Colorado Considers More Oversight of Tri-State
Tri-State's Craig Station in northwest Colorado.
By Judith Kohler/AP
A power struggle is brewing as state regulators consider increasing oversight of Colorado’s second-largest electricity provider to help the state move toward a clean-energy future.
Regulators are taking comments on proposals that range from continuing their hands-off approach to Tri-State Generation and Transmission Association to full oversight of the nonprofit’s planning. After going through the comments, the Colorado Public Utilities Commission will decide what’s next.
Driving the PUC’s look at Tri-State are concerns about climate change, uncertainty about future development costs and state mandates for more renewable energy. All that warrants a comprehensive look at statewide energy use, the commission says.
But Tri-State questions the commission’s legal authority to oversee its plans. The wholesale electric supplier, based in the Denver suburb of Westminster, stresses that it’s governed by federal agencies and elected boards of the 44 cooperatives it serves in Colorado, Nebraska, New Mexico and Wyoming.
“We are regulated by our consumers,” Tri-State spokesman Lee Boughey said. “We think further regulation over our actual resource planning is unwarranted.”
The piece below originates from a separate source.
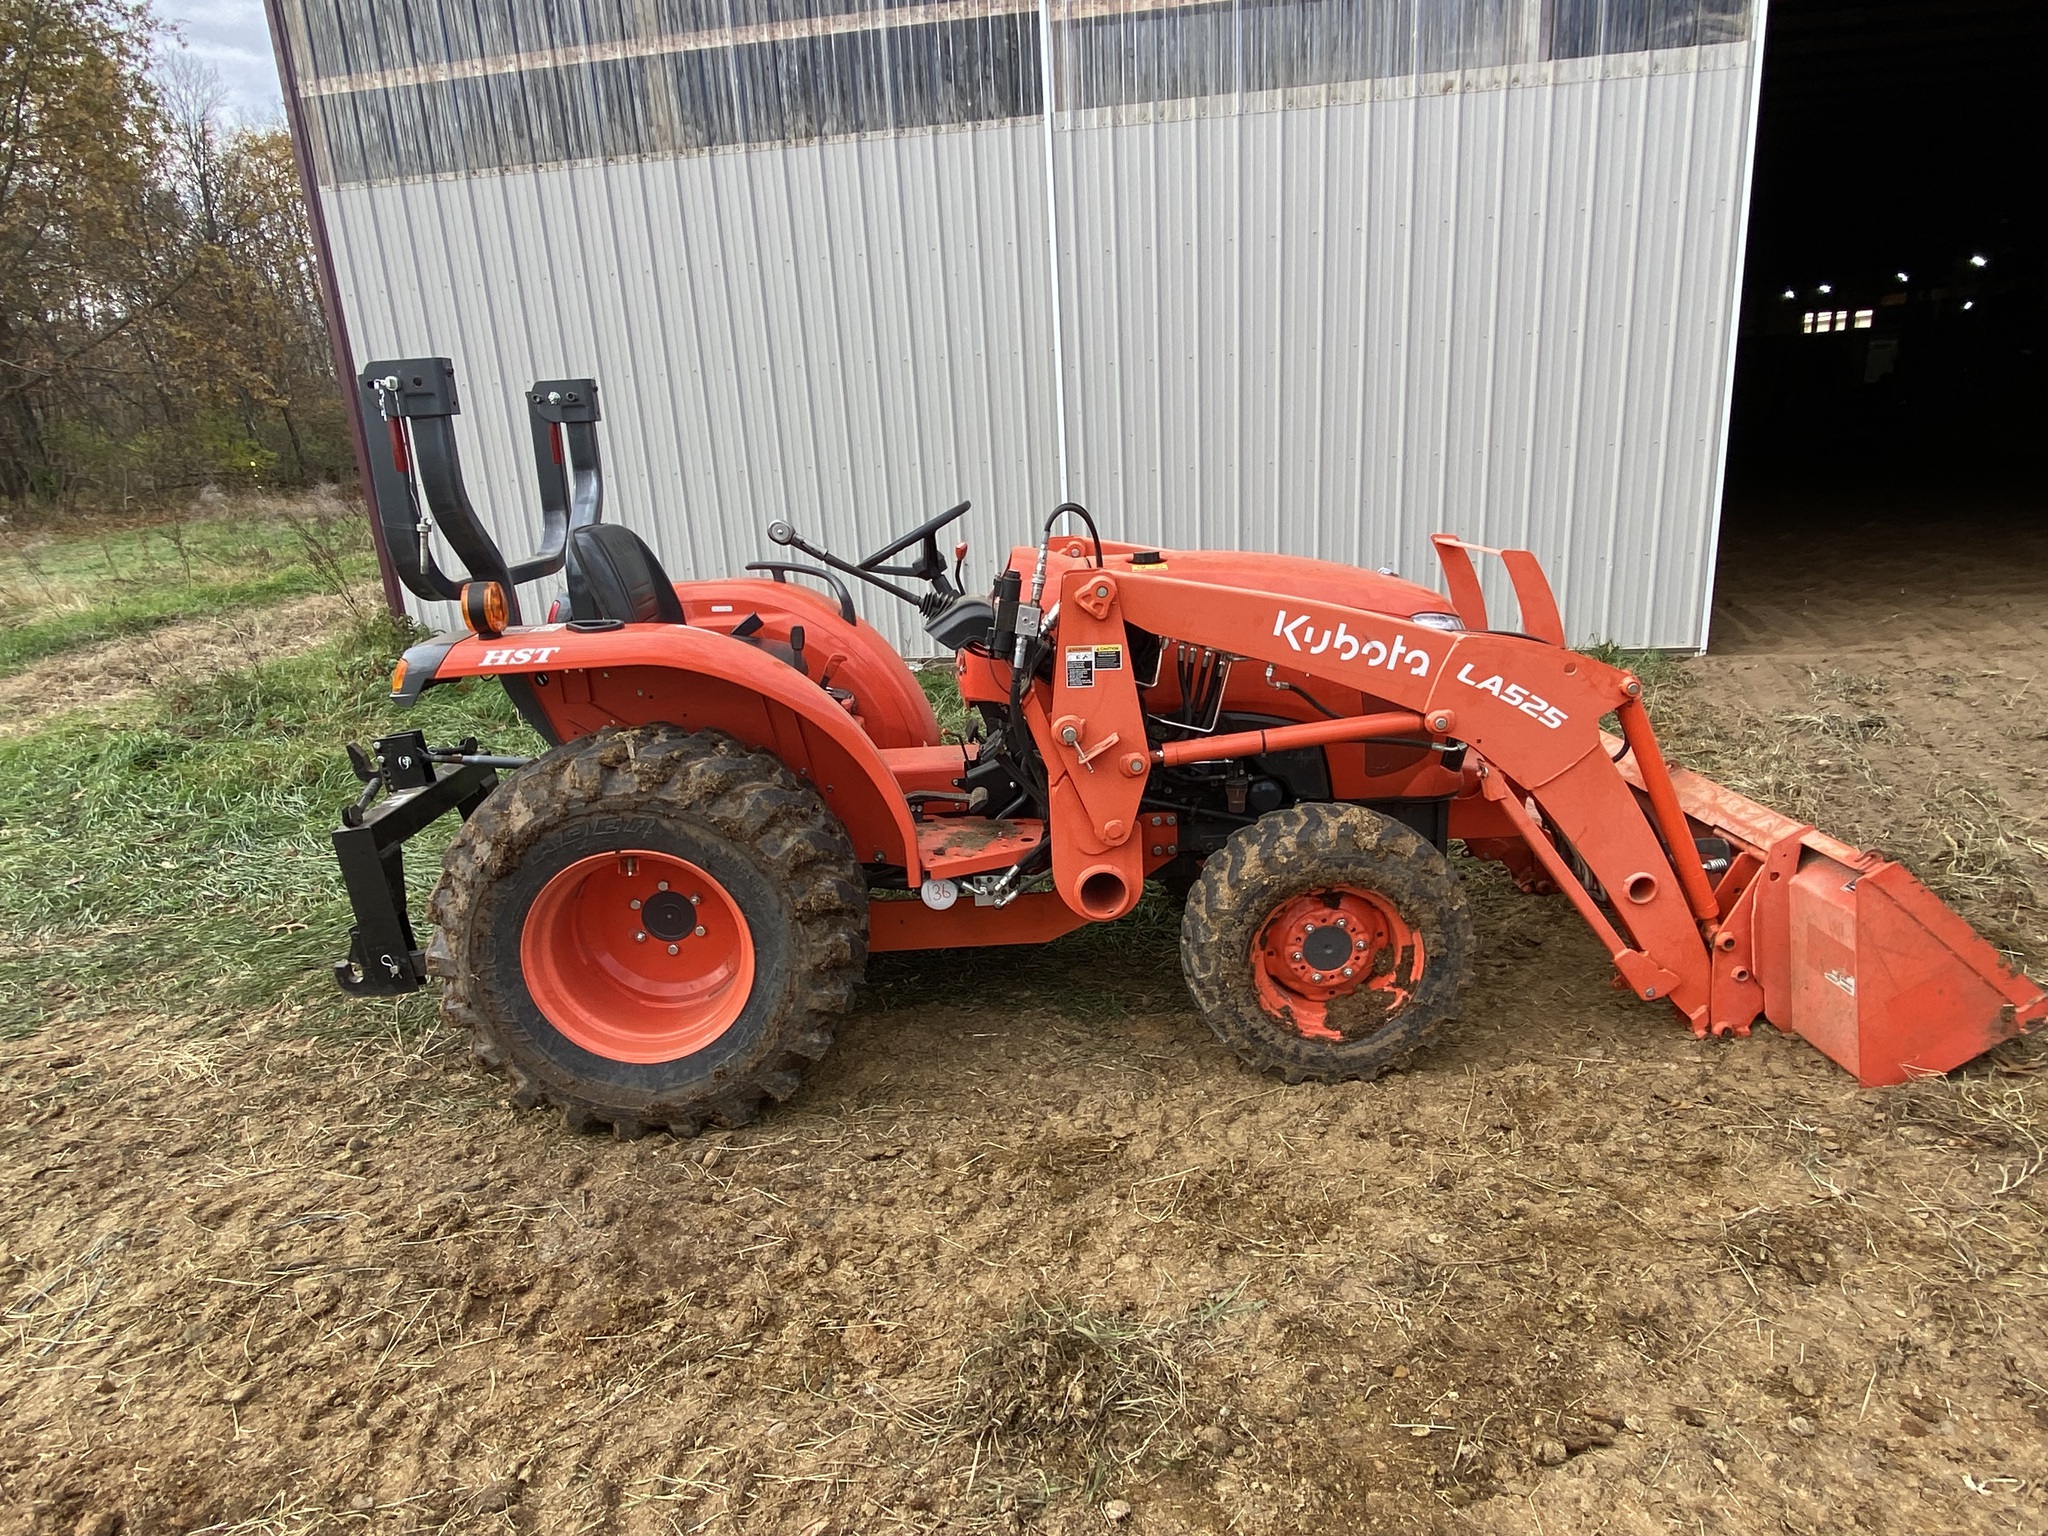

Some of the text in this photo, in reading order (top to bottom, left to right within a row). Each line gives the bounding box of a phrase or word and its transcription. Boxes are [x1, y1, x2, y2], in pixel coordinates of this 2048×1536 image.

[478, 646, 561, 667] HST
[1272, 609, 1431, 678] Kubota
[1456, 662, 1569, 730] LA525
[926, 883, 951, 902] 136
Boughey points to Tri-State’s recent announcements that it’s building a large solar plant in New Mexico and looking at focusing less on coal as evidence that it doesn’t need prodding from state regulators to join in Gov. Bill Ritter’s “new energy economy.”
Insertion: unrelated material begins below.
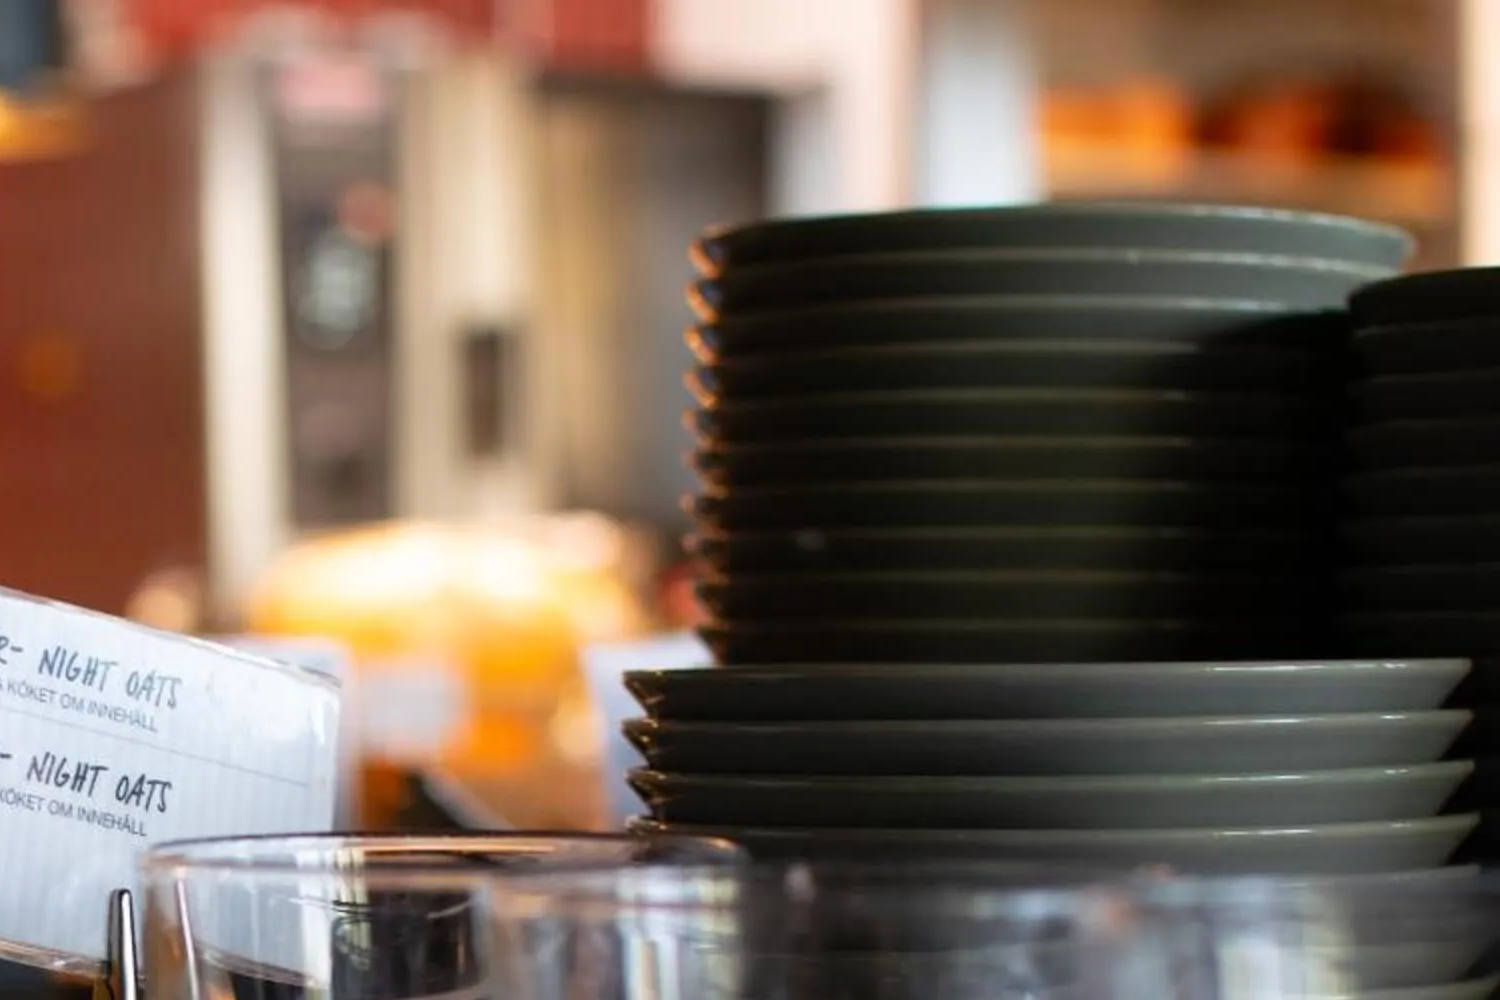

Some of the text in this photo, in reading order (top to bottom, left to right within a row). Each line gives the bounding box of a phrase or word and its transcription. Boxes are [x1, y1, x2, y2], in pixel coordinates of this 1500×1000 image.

Ritter, who appointed all three members of the current PUC, praised Tri-State as a leader in the effort while speaking at the association’s annual meeting in April.
Tri-State’s critics say the association has taken some good first steps but lags far behind in renewable energy and energy efficiency. It gets 72 percent of its power from coal and roughly 1 percent from wind and solar.

Comment by cogas on 25 May 2009:
If I were Tri-state, I would relocate before this administration really gets stupid. They can sell us power from just over the border and still kill the planet! We can feel like we are doing our job here in Colorado, though. There will be no end to this nonsense until Colorado tosses the current administration and we find one more willing to use some common sense. This is just another job-costing, knee-jerk reaction to a lot of bad science.